Coastal bottlenose dolphins inhabiting the impacted waters oft Los Angeles (Schiff, 2000) year-round and using the area as foraging ground (this study; Bearzi, et al., 2009a), are top predators susceptible to indirect threats like marine debris, chemical and acoustic pollution (Simmonds and Hutchinson, 1996; Nowacek et al. 2007, Weilgart 2007, Stavros et al. 2008). Anthropogenic effects on these animals are usually difficult to assess, but dolphins bioaccumulate toxins and suffer immunological and reproductive disorders as a consequence (Simmonds and Hutchinson, 1996; Bossart 2007; Blasius and Goodmanlowe, 2008). Over 80% of bottlenose dolphins in the study area were found carrying skin diseases and body malformations (Bearzi et al., 2009). These diseases are usually correlated to poor quality of water and presence of contaminants (Bossart, 2007). Bottlenose dolphins are now used worldwide as key indicators of the status and health of coastal habitats because they represent important marine ecosystem sentinels (Wells et al., 2004). Long-term population monitoring data on these dolphins area powerful tool for tracking the progression of poorly understood diseases that may be relevant both to dolphin and human health.

In general, cetaceans are often viewed as flagship species (Mann et al., 2000; Prideaux, 2005).

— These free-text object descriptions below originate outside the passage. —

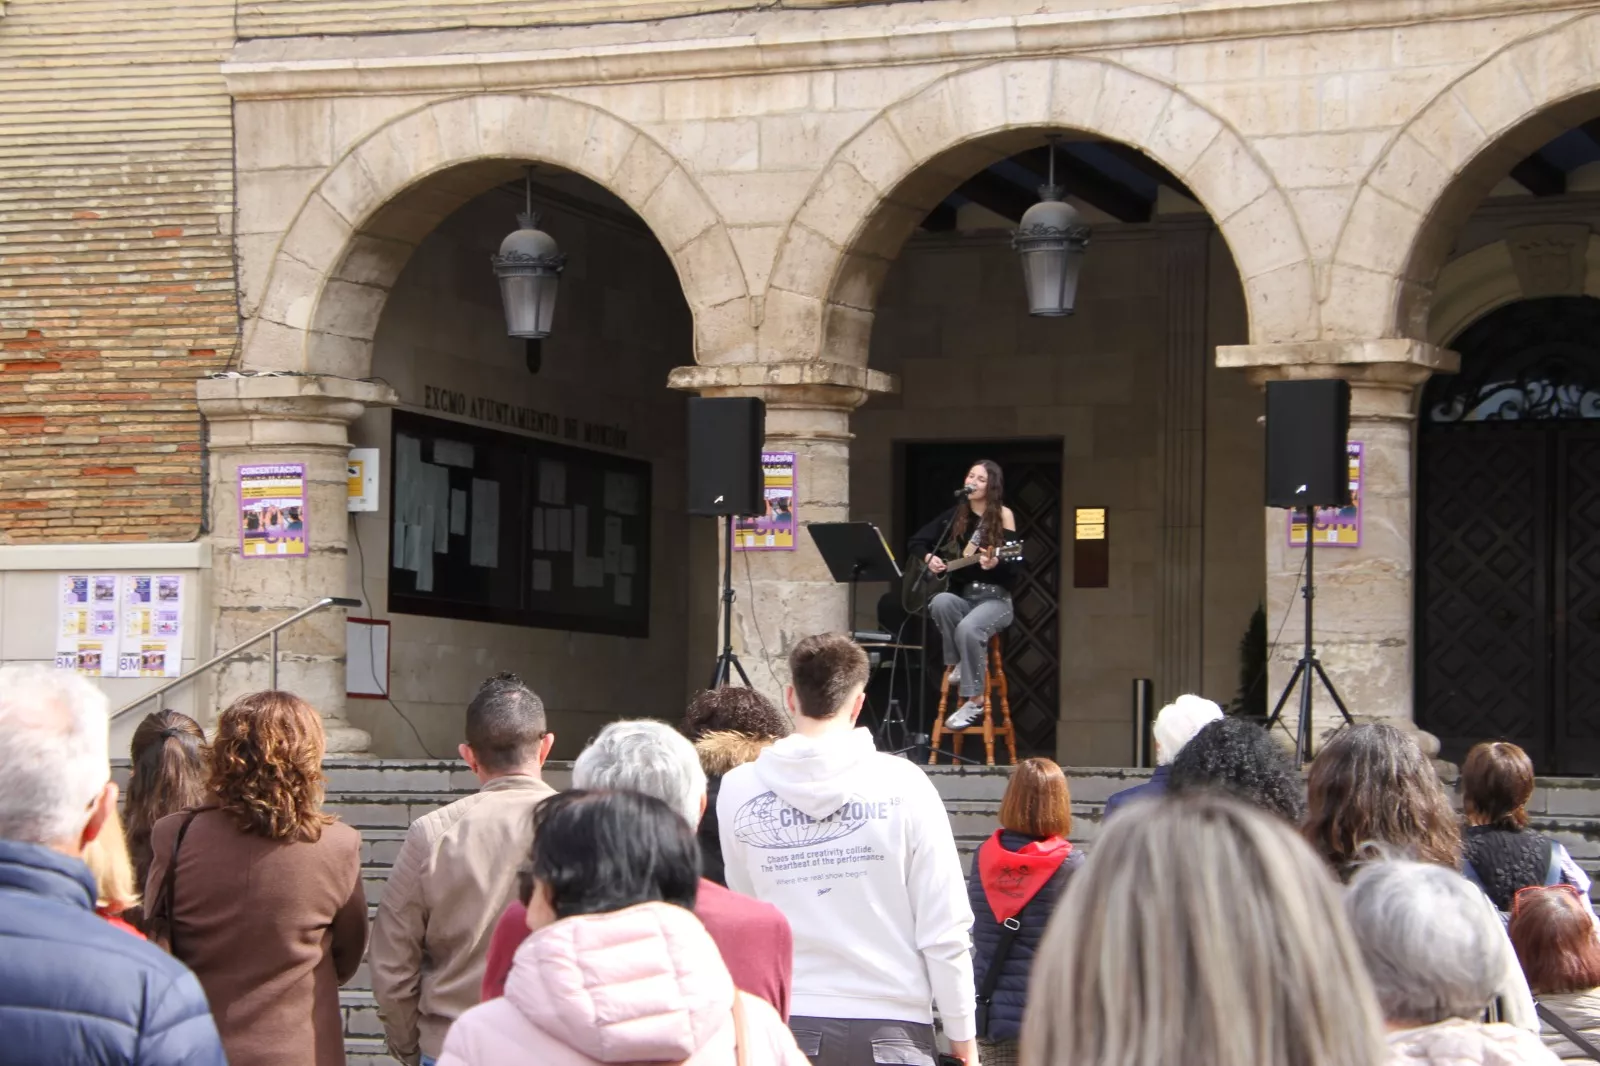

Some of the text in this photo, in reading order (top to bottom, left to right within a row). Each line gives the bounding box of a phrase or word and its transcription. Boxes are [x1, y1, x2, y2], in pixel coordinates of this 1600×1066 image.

[425, 385, 465, 415] EXCMO
[470, 397, 558, 436] AYUNTAMIENTO
[564, 417, 577, 440] DE
[56, 657, 77, 670] 8M
[119, 657, 140, 671] 8M
[760, 854, 885, 873] The heartbeat of the performance
[767, 855, 789, 864] Chaos
[790, 852, 805, 860] and
[806, 848, 844, 859] creativity
[825, 872, 843, 880] show

In the study area, and the established MPAs within, there is a substantial overlap in distribution between cetaceans and other apex and non-apex species (e.g. seabirds, fish, zooplankton; Bearzi, 2005). The overlap usually coincides with upwelling and nutrient-rich feeding areas. Conservation measures aimed at mitigating threats to cetaceans are expected to result in protection for other organisms as well.

Continuous monitoring is essential to identify not only the areas used preferentially by cetaceans within and outside the boundaries of the MPAs, but also the subset of critical habitats they use for different behavior, and the type of behaviors in which they are most vulnerable to human activities. Monitoring distribution, occurrence and behavior of these key species, as well as their threats, is essential in any decision-making process involving MPAs, as has also been suggested at the last International Committee on Marine Mammal Protected Areas (http://icmmpa.org/).

In conclusion, this paper provides new ecological baseline data on dolphins and whales, and offers preliminary information for better establishing goals for use of the newly established MPAs (e.g., control of human activities such as fishing, whale watching). The implication for MPA design and implementation in the study area is that a more flexible definition of MPAs for these cetaceans is needed. It also stresses the strong need of regular and long-term monitoring of cetaceans within and outside the boundaries of the MPAs. This will help to keep the definition of MPAs more adaptable, thereby facilitating the changes necessary to protect cetaceans, as well other species present in the areas.


The field research for the years 1997-2005 was funded by the Coastal Environmental Quality Initiative Fellowship and Ocean Conservation Society; field research for 2006-2007 and the entire data analyses were funded by the Santa Monica Bay Restoration Commission. This study would not have been possible without the help of the many Los Angeles Dolphin Project assistants and volunteers. Special thanks also go out to Maptech, Logger, and ESRI.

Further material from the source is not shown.